Organization of bph and sal gene clusters (A) and catabolic pathways of biphenyl (B) and salicylate (C) in P. pseudoalcaligenes KF707. (A) GS1 (161 bp), GS2 (123 bp), and GS3 (166 bp) used in the gel shift assays are indicated by dotted lines. (B) Compounds involved in biphenyl catabolism are indicated as follows: 1, biphenyl; 2, 2,3-dihydroxy-4-phenylhexa-4,6-diene; 3, 2,3-dihydroxybiphenyl; 4, HOPD; 5, benzoic acid; 6, 2-hydroxypenta-2,4-dienoic acid; and 7, 4-hydroxy-2-oxovalerate.
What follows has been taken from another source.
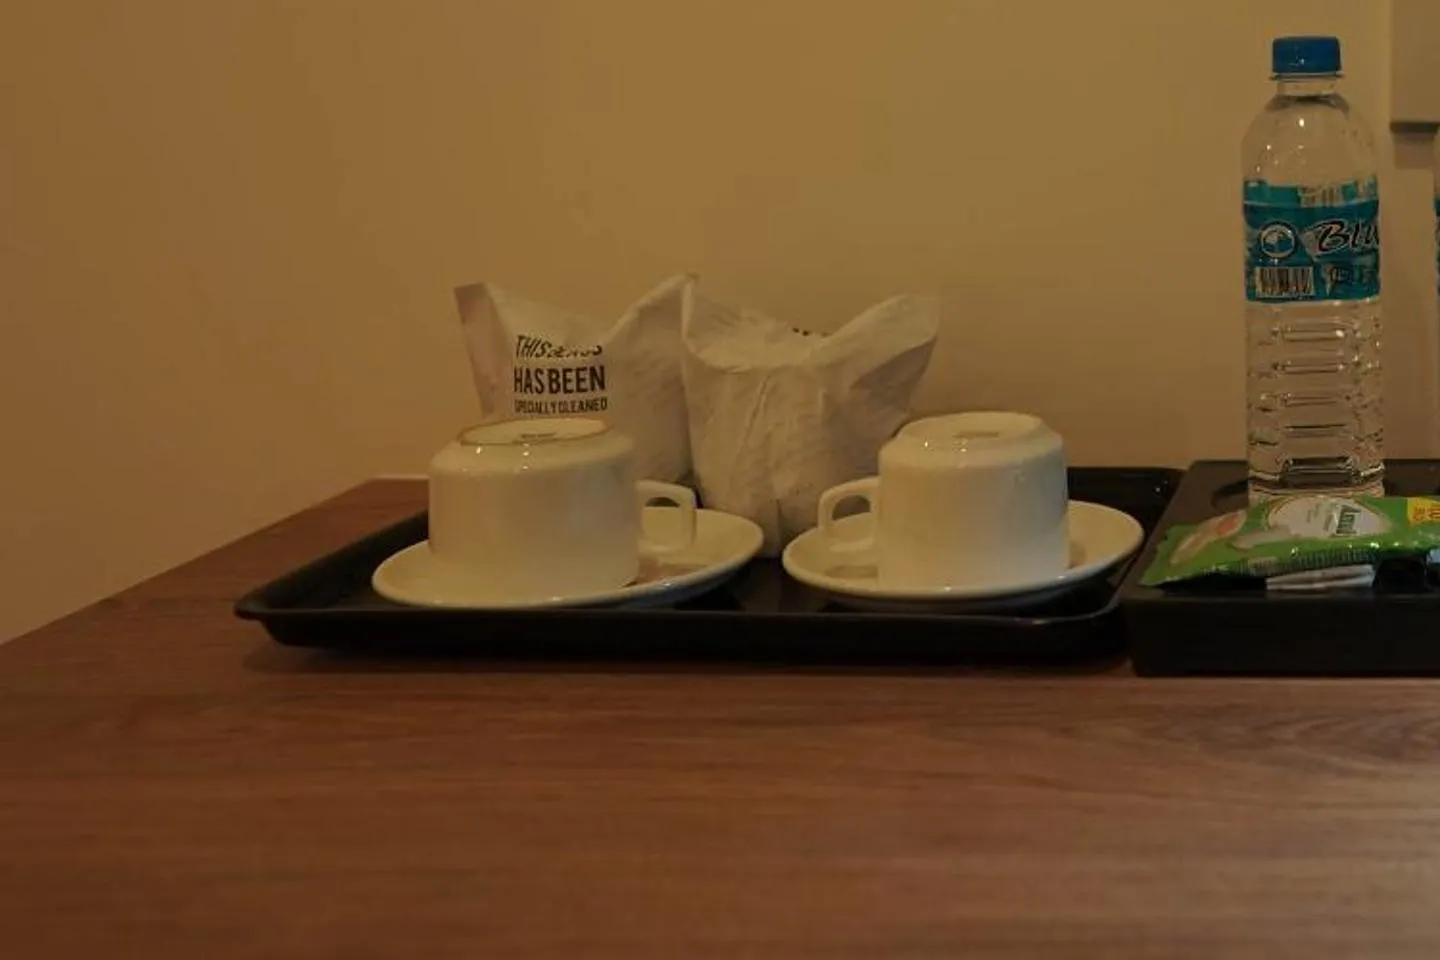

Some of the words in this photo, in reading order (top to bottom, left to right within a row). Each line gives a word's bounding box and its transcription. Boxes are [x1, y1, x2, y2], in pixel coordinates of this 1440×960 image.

[516, 335, 552, 358] THIS
[514, 367, 544, 394] HAS
[547, 365, 606, 394] BEEN
The enzymes and proteins involved are biphenyl dioxygenase (BphA), dihydrodiol dehydrogenase (BphB), 2,3-dihydroxybiphenyl dioxygenase (BphC), 2-hydroxy-6-oxo-6-phenylhexa-2,4-dienoate hydrolase (BphD), 2-hydroxypenta-2,4-dienoate hydratase (BphX1), 4-hydroxy-2-oxovalerate aldolase (BphX3), and acetaldehyde dehydrogenase (BphX2). (C) Compounds involved in salicylate catabolism are indicated as follows: 1, salicylate; 2, catechol; 3, HMSA; 4, 2-hydroxyhexa-2,4-diene-1,6-dioate; 5, 2-oxohexa-3-ene-1,6-dioate; 6, 2-oxopent-4-enoate; and 7, 4-hydroxy-2-oxovalerate. The enzymes and proteins involved are salicylate hydroxylase (SalA), catechol 2,3-dioxygenase (SalC), hydroxymuconic semialdehyde dehydrogenase (SalD), 4-oxalocrotonate isomerase (SalJ), 4-oxalocrotonate decarboxylase (SalI), 2-oxopent-4-enoate hydratase (SalF), 2-oxo-4-hydroxypentanoate aldolase (SalH), and hydroxymuconic semialdehyde hydrolase (SalE). acetyl CoA, acetyl coenzyme A.